Returns the next frame that meets the specified criteria. grep() accepts arguments that are subroutines, regex, or strings; anything else is a fatal error. If you pass multiple arguments to grep(), each one must be true. The subroutines receive the frame reference that is returned by next_frame(). You can modify the frame, but do so cautiously.

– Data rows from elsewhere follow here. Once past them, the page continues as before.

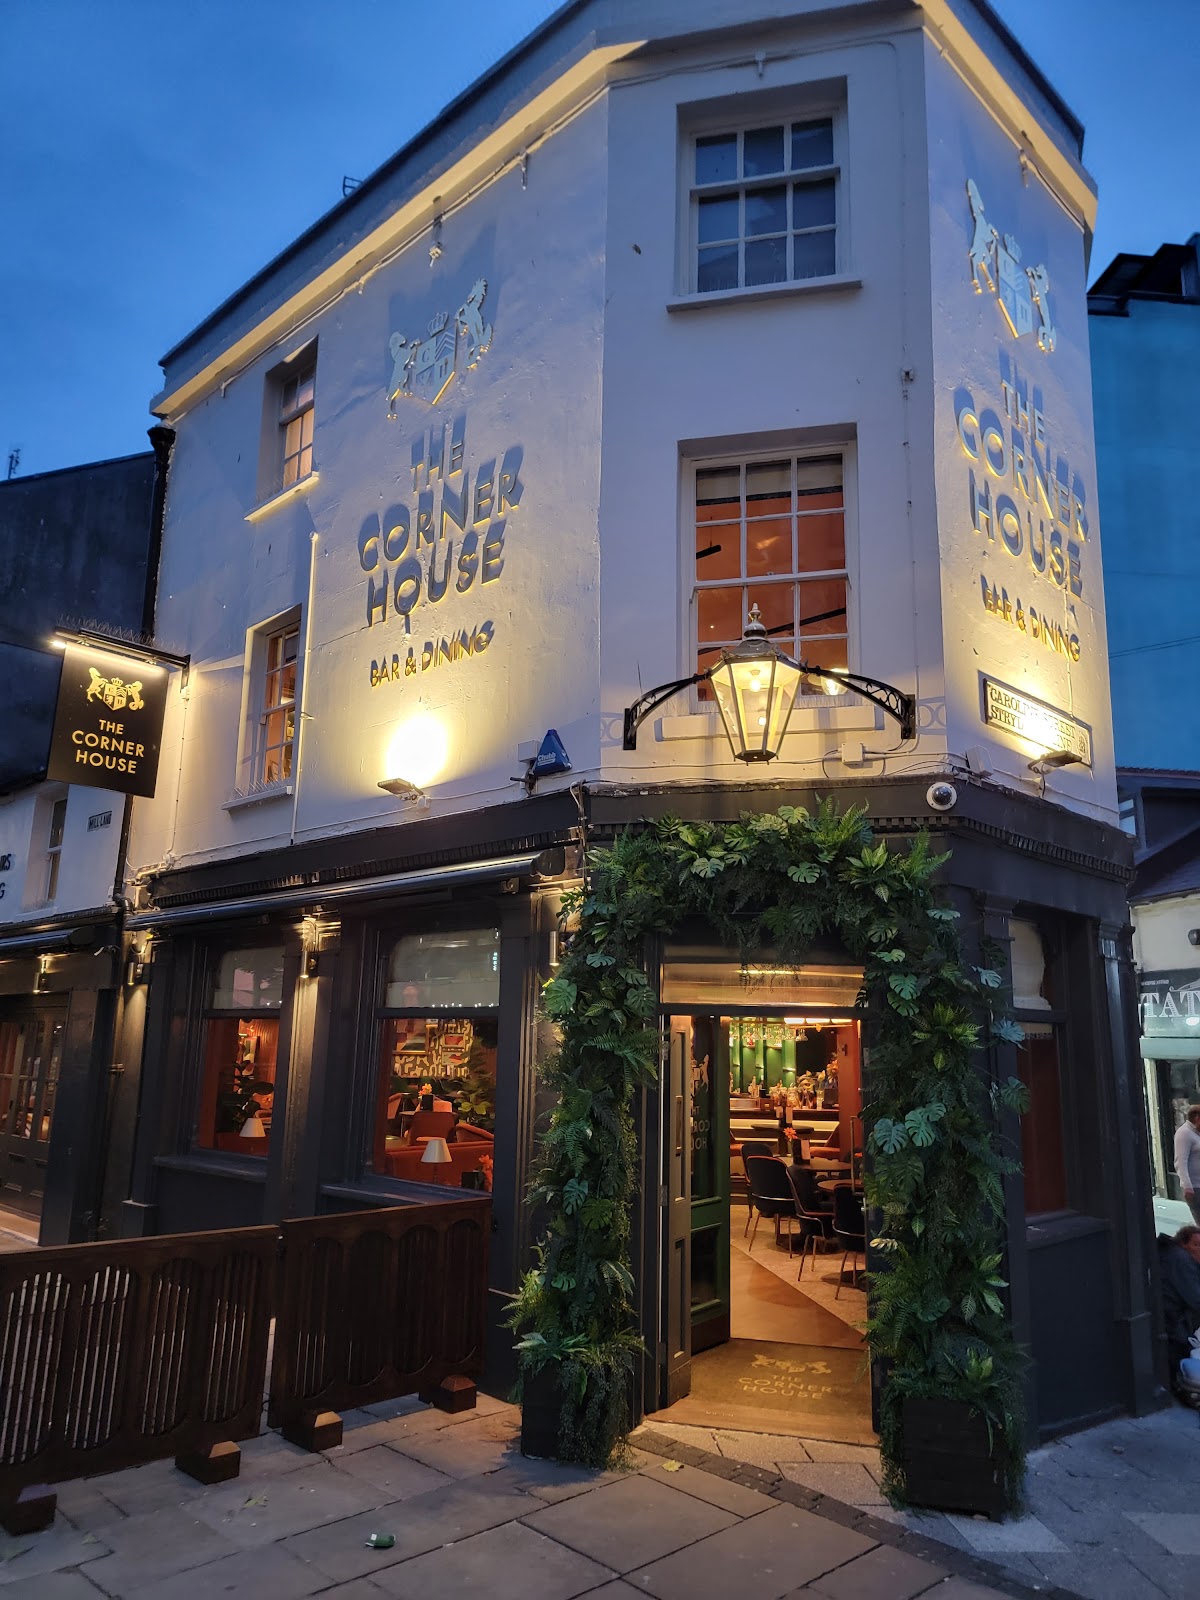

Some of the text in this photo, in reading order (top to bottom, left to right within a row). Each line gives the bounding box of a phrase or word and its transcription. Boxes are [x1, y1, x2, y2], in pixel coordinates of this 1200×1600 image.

[1001, 378, 1045, 450] THE
[410, 432, 465, 496] THE
[957, 405, 1087, 542] CORNER
[359, 464, 519, 573] CORNER
[973, 481, 1083, 599] HOUSE
[367, 534, 502, 628] HOUSE
[984, 587, 1081, 662] BAR & DINING
[370, 631, 489, 688] BAR & DINING
[71, 729, 146, 758] CORNER
[99, 719, 125, 735] THE
[538, 752, 556, 761] Chubb
[75, 749, 138, 774] HOUSE
[738, 1377, 832, 1393] CORNER
[743, 1385, 823, 1399] HOUSE

my $next_jump_frame_ref = $t->grep("Where do you want to jump?", sub { $_[0]{data} !~ /Message History/});

rewind()

Rewinds the ttyrec to the first frame and resets state variables to their initial values. Note that if filehandle is not seekable (such as STDIN on some systems, or if bzip2 decompression is used), rewind() will die.

infile()

Returns the infile passed to the constructor. If a filehandle was passed, this will be undef.

filehandle()

Returns the filehandle passed to the constructor, or if infile was used, a handle to infile.

bzip2()

Returns 1 if bzip2 decompression has taken place, 0 if it has not.

time_threshold()

Returns the time threshold passed to the constructor. By default it is undef.

frame_filter()

Returns the frame filter callback passed to the constructor. By default it is sub { @_ }.

frame()

Returns the frame number of the most recently returned frame.

prev_timestamp()

Returns the timestamp of the most recently returned frame.

relative_time()

Returns the time so far since the first frame.

accum_diff()

Returns the total time difference between timestamps and filtered timestamps. accum_diff is added to each frame's timestamp before they are passed to the frame_filter callback.

AUTHOR

Shawn M Moore, sartak@gmail.com

CAVEATS

  • Ttyrecs are frame-based. If you are trying to modify a string that is broken across multiple frames, it will not work. Say you have a ttyrec that prints "foo" in frame one and "bar" in frame two, both with the same timestamp. In a ttyrec player, it might look like these are one frame (with data "foobar"), but it's not. There is no easy, complete way to add arbitrary substitutions; you would have to write (or reuse) a terminal emulator.

  • If you modify the data block, weird things could happen. This is especially true of escape-code-littered ttyrecs (such as those of NetHack). For best results, pretend the data block is an executable file; changes are OK as long as you do not change the length of the file. It really depends on the ttyrec though.

  • If you modify the timestamp of a frame so that it is not in sequence with other frames, the behavior is undefined (it is up to the client program). Term::TtyRec::Plus will not reorder the frames for you.

  • bzip2 support is transparent, mostly. Unfortunately IO::Uncompress::Bunzip2 is rather slow. I took a lengthy (~4 hours), bzipped ttyrec and ran a simple script on it, depending on the built-in bzip2 decompression. This took nearly four minutes. Using bunzip2 then the same script took about four seconds. So when you can, do explicit bzip2 decompression. Or better yet, help out the guys working on IO::Uncompress::Bunzip2. :)

COPYRIGHT & LICENSE

Copyright 2006-2009 Shawn M Moore, all rights reserved.

This program is free software; you can redistribute it and/or modify it under the same terms as Perl itself.